Freeze Frame: excerpted from Chapter 4: Human Lifespan Development in Psychology: Contemporary Perspectives by Paul Okami
This is Gregory Robert Smith at age nine going on ten. He may look cute, but he’s not playing around at the podium. He’s preparing to deliver an address to the 1999 senior class at Orange Park High School in Orange Park, Florida, where he is graduating with an A-plus average. Four years after this photo was taken, at age 13, Gregory received a bachelor’s degree in mathematics from Randolph-Macon College. He then went on to doctoral studies in mathematics at the University of Virginia. This would be the first of three doctorates he expected to earn over the coming years. If this weren’t enough, he has been nominated for a Nobel Peace Prize three times for his work on behalf of child victims of war, violence, and poverty. Oh, yes, and he plays football pretty well. Among his plans is to become President of the United States (CBS News, 2009).

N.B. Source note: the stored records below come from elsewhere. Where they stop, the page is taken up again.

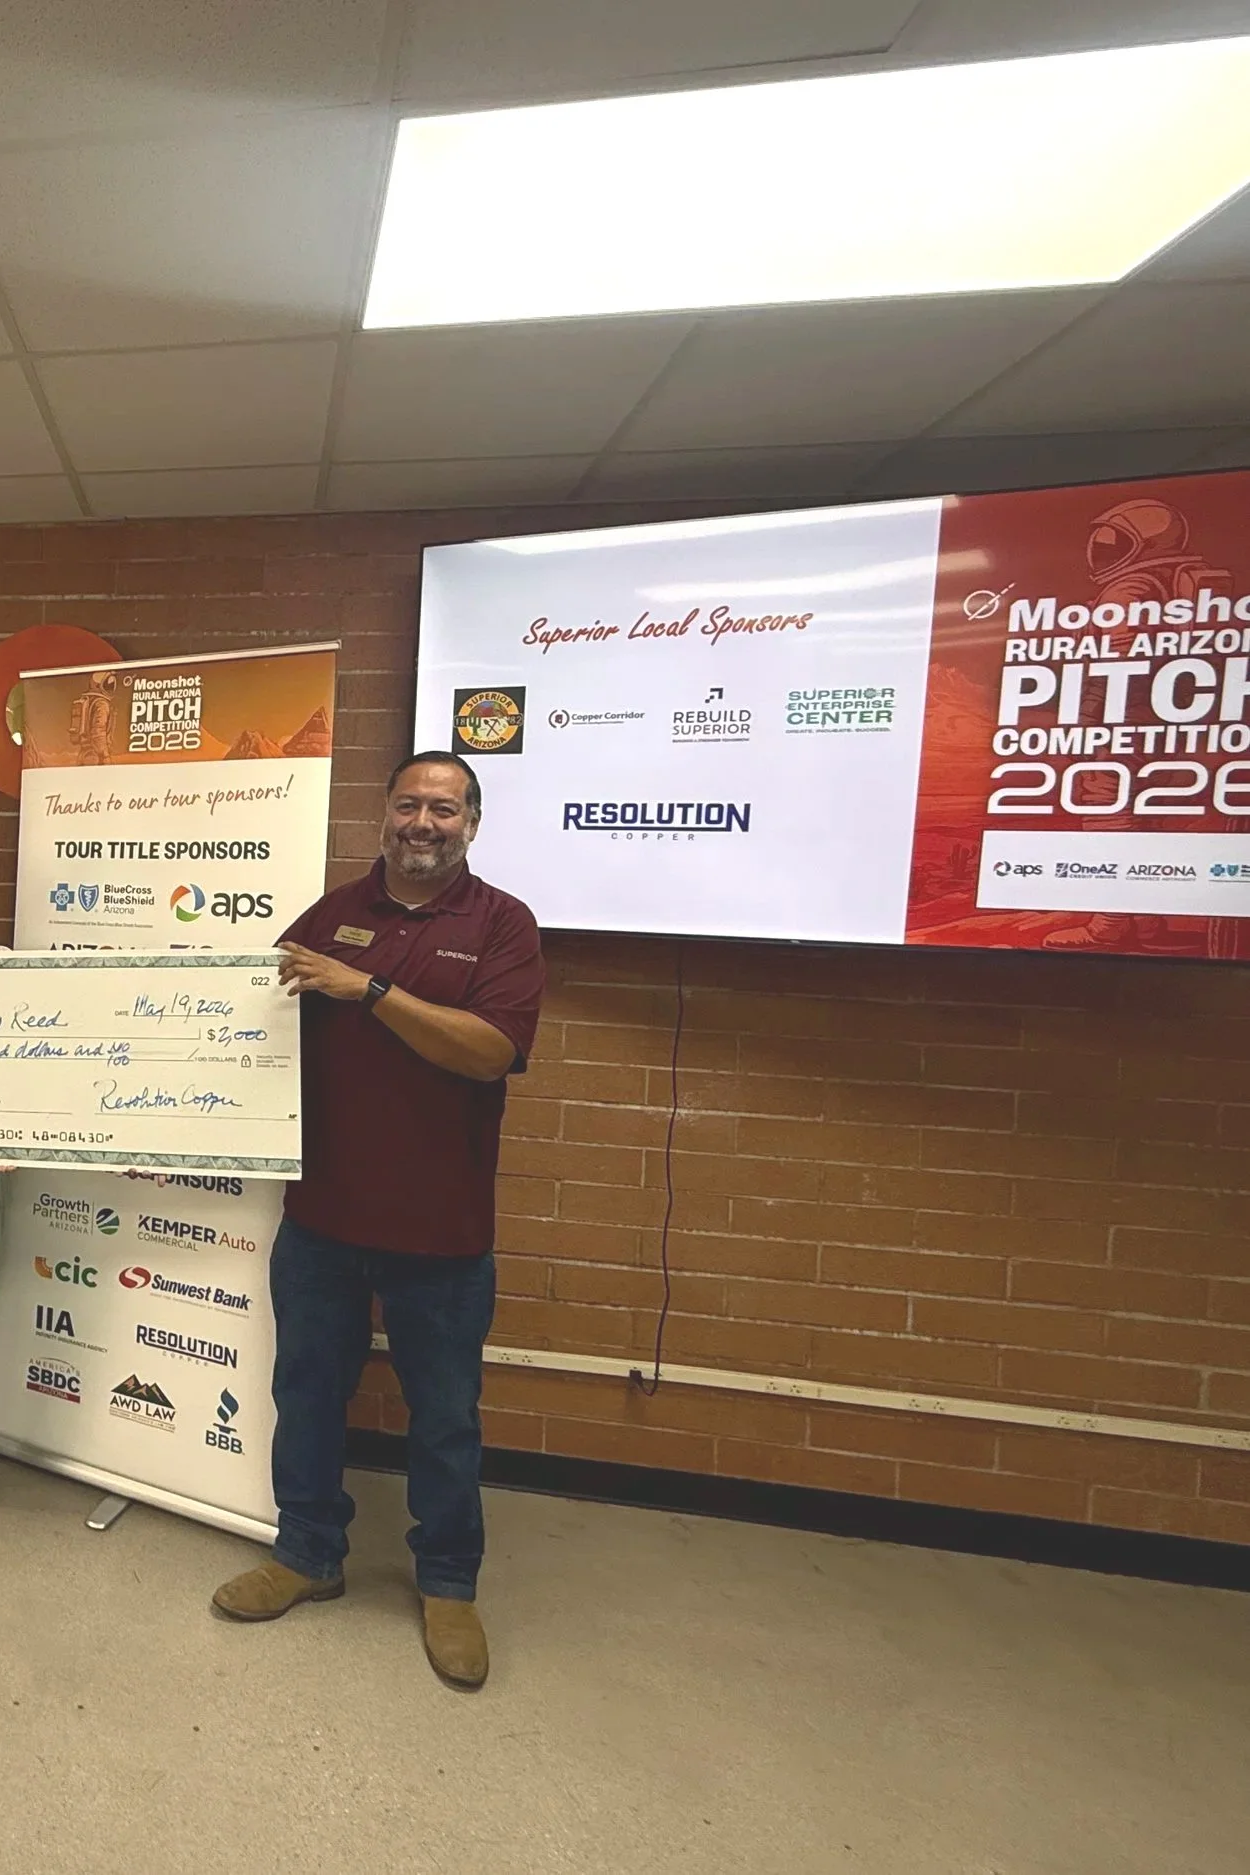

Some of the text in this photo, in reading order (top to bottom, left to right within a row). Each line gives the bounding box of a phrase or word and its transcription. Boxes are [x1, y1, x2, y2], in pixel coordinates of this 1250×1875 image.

[523, 606, 813, 654] Superior Local Sponsors
[1005, 635, 1119, 662] RURAL
[133, 688, 201, 700] RURAL ARIZONA
[466, 693, 512, 709] SUPERIOR
[788, 688, 895, 701] SUPERIOR
[997, 657, 1250, 726] PITCH
[131, 697, 201, 722] PITCH
[785, 700, 896, 711] ENTERPRISE
[130, 719, 199, 733] COMPETITION
[571, 711, 644, 722] Copper Corridor
[673, 710, 751, 724] REBUILD
[786, 710, 893, 728] CENTER
[672, 724, 750, 735] SUPERIOR
[129, 730, 201, 752] 2026
[467, 737, 507, 748] ARIZONA
[45, 774, 294, 816] Thanks to our tour sponsors!
[563, 803, 751, 832] RESOLUTION
[611, 832, 695, 841] COPPER
[55, 841, 271, 860] TOUR TITLE SPONSORS
[1014, 864, 1043, 877] aps
[1070, 863, 1118, 874] OneAZ
[1126, 864, 1197, 876] ARIZONA
[104, 884, 152, 895] BlueCross
[103, 905, 135, 915] Arizona
[104, 895, 155, 906] BlueShield
[211, 892, 273, 924] aps
[436, 949, 478, 963] SUPERIOR
[251, 976, 270, 986] 022
[10, 1002, 68, 1031] Reed
[133, 992, 166, 1024] May
[15, 1040, 68, 1058] dollars
[73, 1042, 105, 1056] and
[40, 1193, 89, 1213] Growth
[33, 1203, 89, 1225] Partners
[50, 1221, 89, 1234] ARIZONA
[138, 1214, 256, 1253] KEMPER Auto
[137, 1231, 198, 1252] COMMERCIAL
[54, 1256, 98, 1288] cic
[151, 1273, 211, 1301] Sunwest
[213, 1287, 250, 1311] Bank
[36, 1304, 74, 1337] IIA
[136, 1324, 238, 1369] RESOLUTION
[27, 1365, 80, 1393] SBDC
[110, 1394, 141, 1412] AWD
[146, 1404, 176, 1421] LAW
[205, 1430, 243, 1454] BBB

As you might suspect, Gregory displayed unusual characteristics from an early age. He spoke his first word at age three months (“dada”), could recite memorized books before the age of one year, and began to read to himself shortly thereafter. By the age of two he was correcting grammatical errors made by adults in his presence. Greg was equally talented in mathematics. He began solving basic arithmetic problems at the age of 14 months, and by age six, he was seriously annoying his school teachers and administrators by flagging errors in his math textbooks with Post-It notes. He skipped from second to ninth grade within a year and finished the rest of his high schooling in two years.
Greg’s precocity was not limited to academic matters—it also extended to moral issues, a tendency often noted in children with exceptionally high IQs (Winner, 1996). At the age of nine, in response to his increasing distress as he learned about the plight of child victims of violence and poverty, he founded organizations called the World Children Awards, dedicated to addressing the needs and rights of children throughout the world; and International Youth Advocates, which promotes principles of peace and understanding among young people throughout the world.
Greg Smith is an unusually extreme example of what has been termed “profoundly gifted” child development. Exceptional children such as Greg Smith are often “spellbinding” to the rest of us (Ruthsatz & Detterman, 2003, p. 510; Subotnik, Olszewski-Kubilius, & Worrell, 2011). They do not merely fascinate—they may actually elicit awe or even reverence, and it is not unknown for religious practices to be built on their shoulders. On the other hand, the abilities of these children may equally elicit cynicism, envy, or outright hostility.
Greg Smith’s abilities seem to stretch the limits of what is normally considered possible for an infant and child to attain. However, research in the field of human life-span development is providing increasing evidence that the abilities of ordinary infants and children in general have been greatly underestimated in the past. This research is painting a portrait of the human infant as emerging into the world with numerous previously unsuspected competencies already in place, or at least primed to develop in short order.